On average, it has taken 34 days for a patient to choose a treatment. Rajan said they want patients to take the time to reach a decision they feel comfortable with. When a patient decides what they want to do, Cricket provides the referring nephrologist with a summary report, and does the initial transplant screening, if the patient chose to get on the waiting list.

“We want to make sure that we aren’t just saying, ‘Hey you need to choose home dialysis’ because that’s not the right choice for some patients, even if we think the patient will do better on home dialysis. Getting them to make that choice without knowing what it will really entail is also a mistake.”

Stage 2: Condition management

Rajan said they also want to follow up, and help patients through the transition into dialysis by providing clinical and emotional support.

Leveraging the same platform and concepts (nurse, videos, FAQ content, patient mentors and cohorts), the second phase adds a social worker, dietitian, and pharmacist to work with each patient all the way through the transition to ESRD.

Rajan said they strive to keeps patients from events that will trigger a visit to the hospital or a crash start on dialysis. This phase varies by patient, and the care team relies on the referring nephrologists to set clinical goals for each patient. Some patients need to get their hyperkalemia under control, others need to manage fluid better.

This phase also includes ensuring the patients gets the appropriate access at the appropriate time. Videos show patients what the fistulas, catheters, and grafts look like.

Future goals

Rajan said they plan to take a more upstream approach to CKD management, but they wanted to start with preparing patients for renal failure. He said they also plan on helping patients further downstream, by providing support after they begin dialysis or get a transplant, and eventually tackling the high drop-out rate among home dialysis patients.

“The entire model of managing CKD in this country is fundamentally broken. It needs to be flipped on its head. For many years, the entire system has been designed so that everyone but the patient does better as a patient does worse and worse, and the patient ends up on the most expensive form of care.”

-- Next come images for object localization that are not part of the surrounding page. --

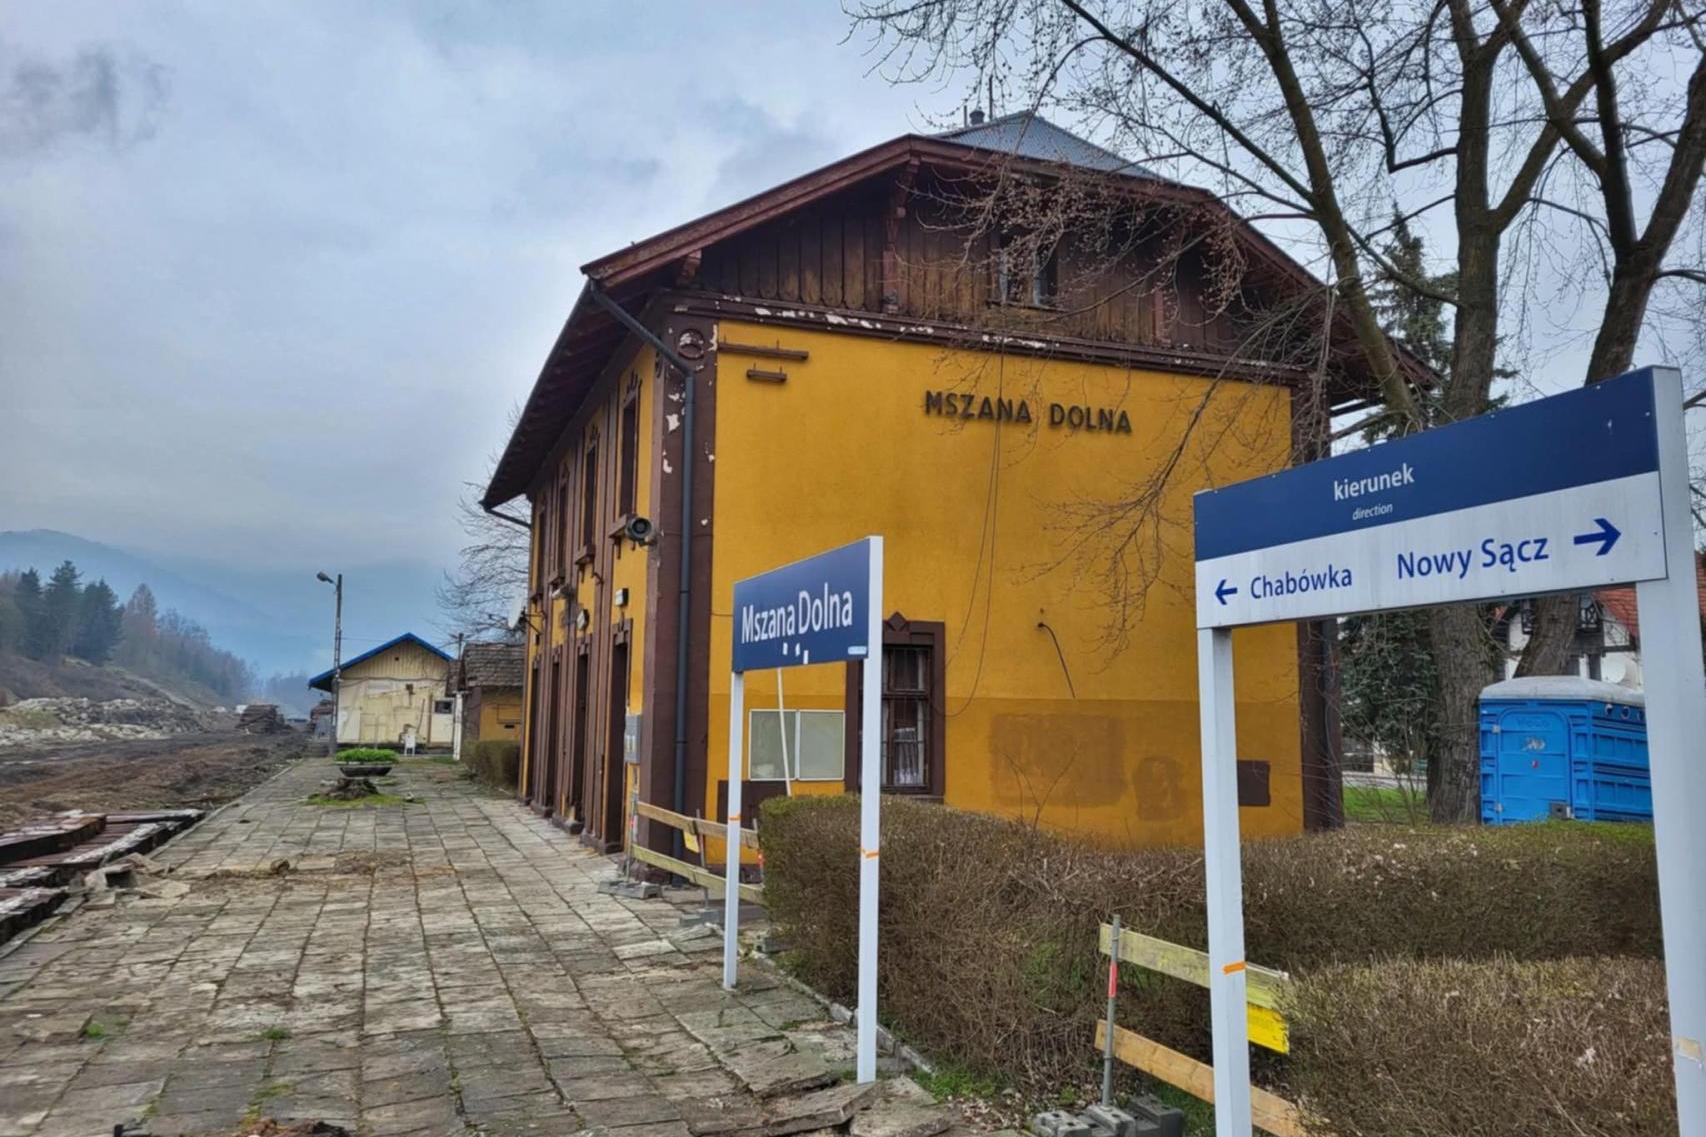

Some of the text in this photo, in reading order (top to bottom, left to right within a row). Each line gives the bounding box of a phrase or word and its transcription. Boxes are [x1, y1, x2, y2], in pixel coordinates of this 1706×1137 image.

[925, 390, 1132, 434] MSZANA DOLNA
[1334, 462, 1415, 501] kierunek
[1352, 503, 1393, 520] direction
[1397, 537, 1549, 580] Nowy Sącz
[1250, 564, 1352, 600] Chabówka
[741, 582, 853, 644] Mszana Dolna

The program is designed to be sold to payers. “We’re telling the payer, that by delivering this program, we can reduce the cost of this patient population,” Rajan said.

They aim to this by increasing the number of patients who get the right access in place in advance of ESRD, reducing the number of patients who crash into dialysis, reducing hospitalization rates and acute events, and in some cases, delaying the start of dialysis.

So far, Cricket has worked primarily with nephrologists to test the program and ensure that it works online. Recently, Rajan said, they have been talking to payers, primarily Medicare Advantage and risk-bearing plans, but he estimates they will be working with commercial patients soon.

“There is a big opportunity to reinvent what happens to patients. There are so many things that we know about today that can be implemented in practice and can have a meaningful impact on patient lives and can lead to cost savings as well, that are already being done in small bits around the country… There are so many opportunities that are meaningful for patients, payers and providers.”